TO DO>
Copy all records exactly; omit pictures.

EXCERPTED RECORDS>

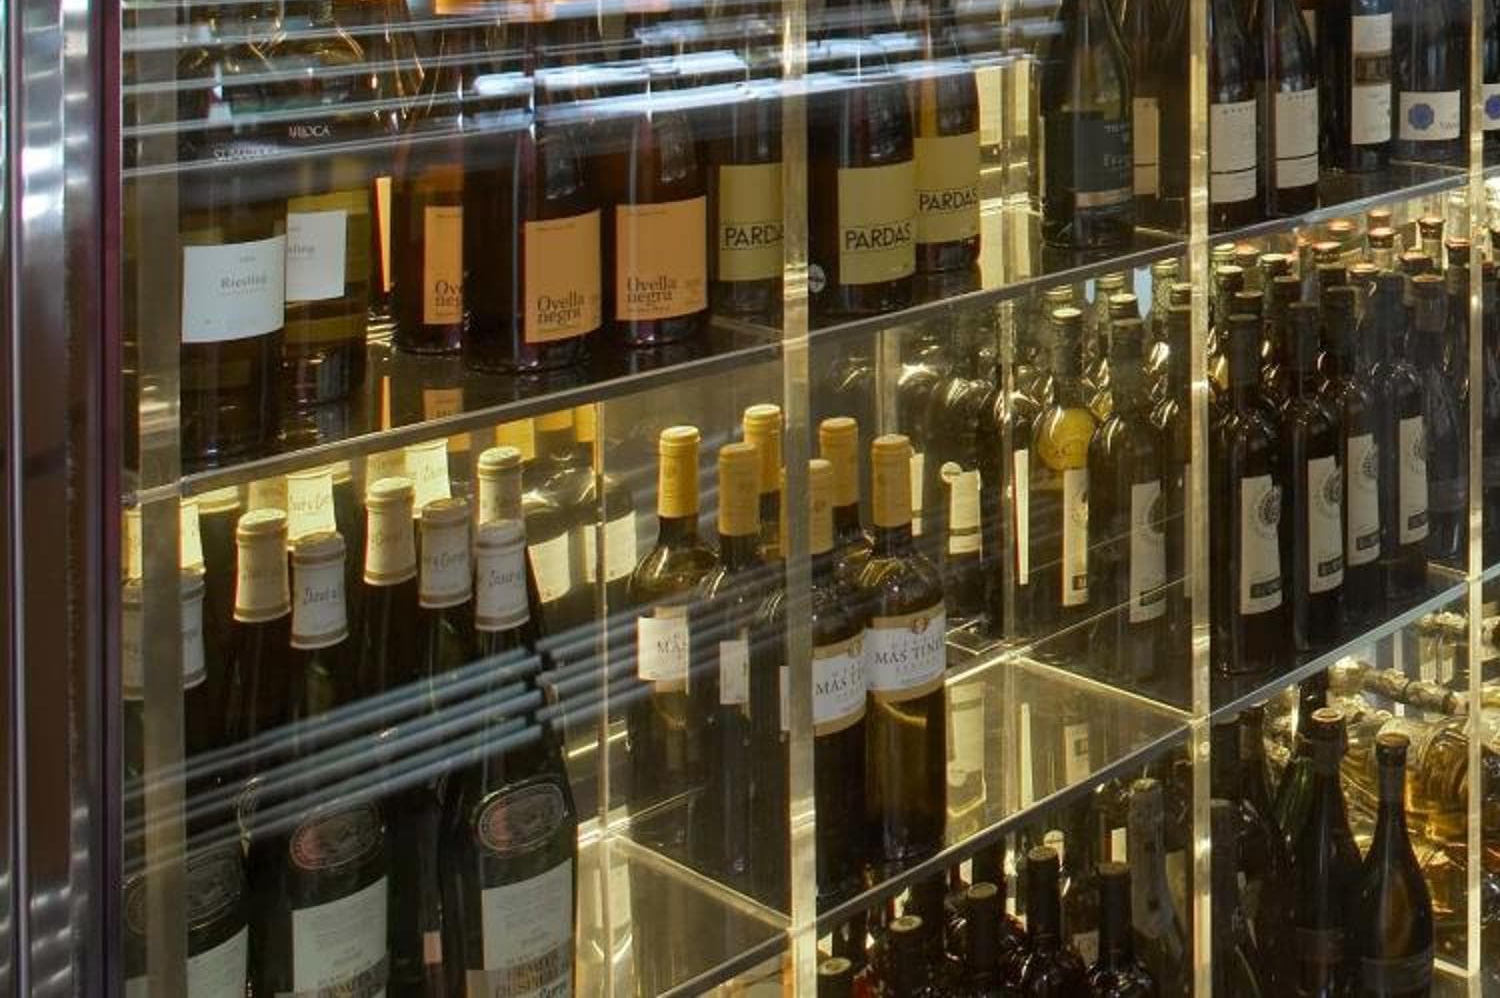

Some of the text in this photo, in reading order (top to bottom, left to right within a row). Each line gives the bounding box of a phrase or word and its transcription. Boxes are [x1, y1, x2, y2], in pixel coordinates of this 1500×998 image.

[918, 187, 978, 211] PARDAS
[845, 222, 911, 251] PARDAS
[626, 276, 677, 294] Ovella
[537, 291, 585, 311] Ovella
[626, 291, 673, 307] negra
[537, 306, 581, 326] negra
[874, 649, 908, 665] MAS
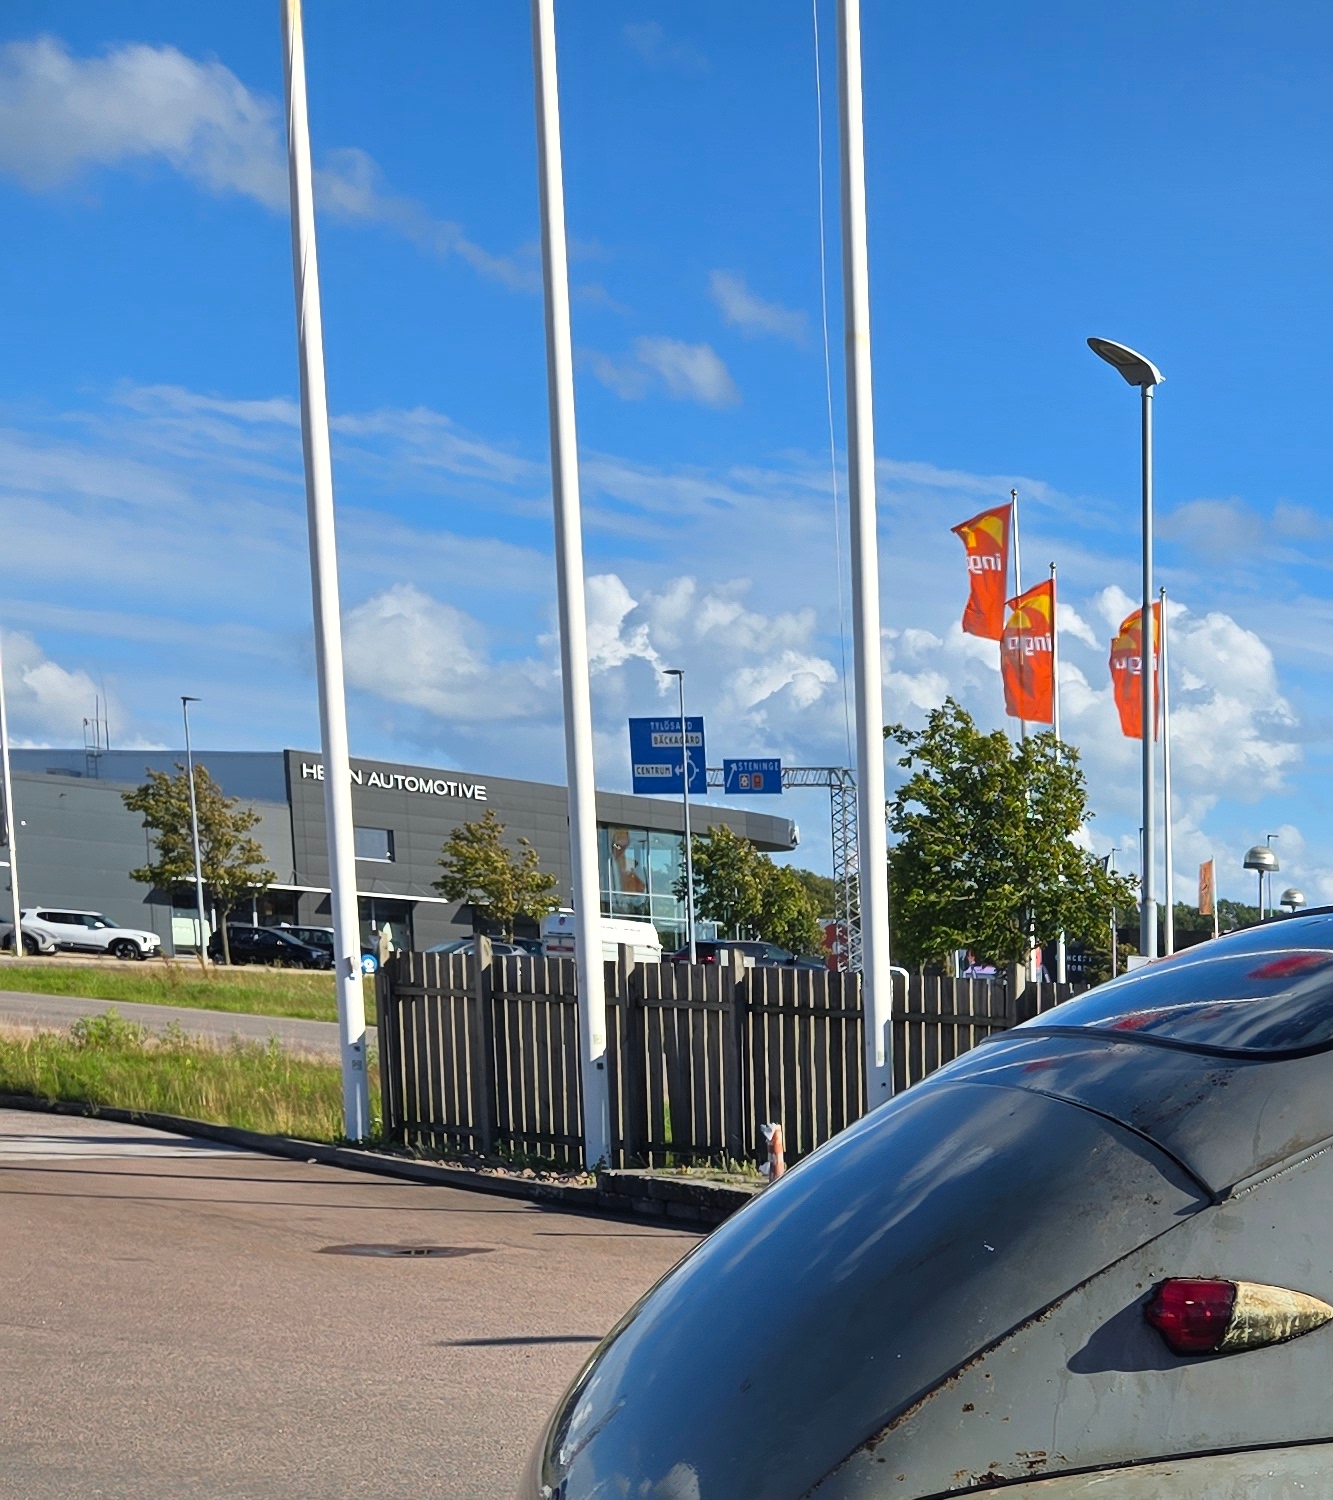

EXERCISE RESPONSE>
Some of the text in this photo, in reading order (top to bottom, left to right within a row). Each line gives the bounding box of a phrase or word and its transcription. Boxes are [x1, y1, x2, y2], in pixel coordinates of this 1500×998 image.

[918, 187, 978, 211] PARDAS
[845, 222, 911, 251] PARDAS
[626, 276, 677, 294] Ovella
[537, 291, 585, 311] Ovella
[626, 291, 673, 307] negra
[537, 306, 581, 326] negra
[874, 649, 908, 665] MAS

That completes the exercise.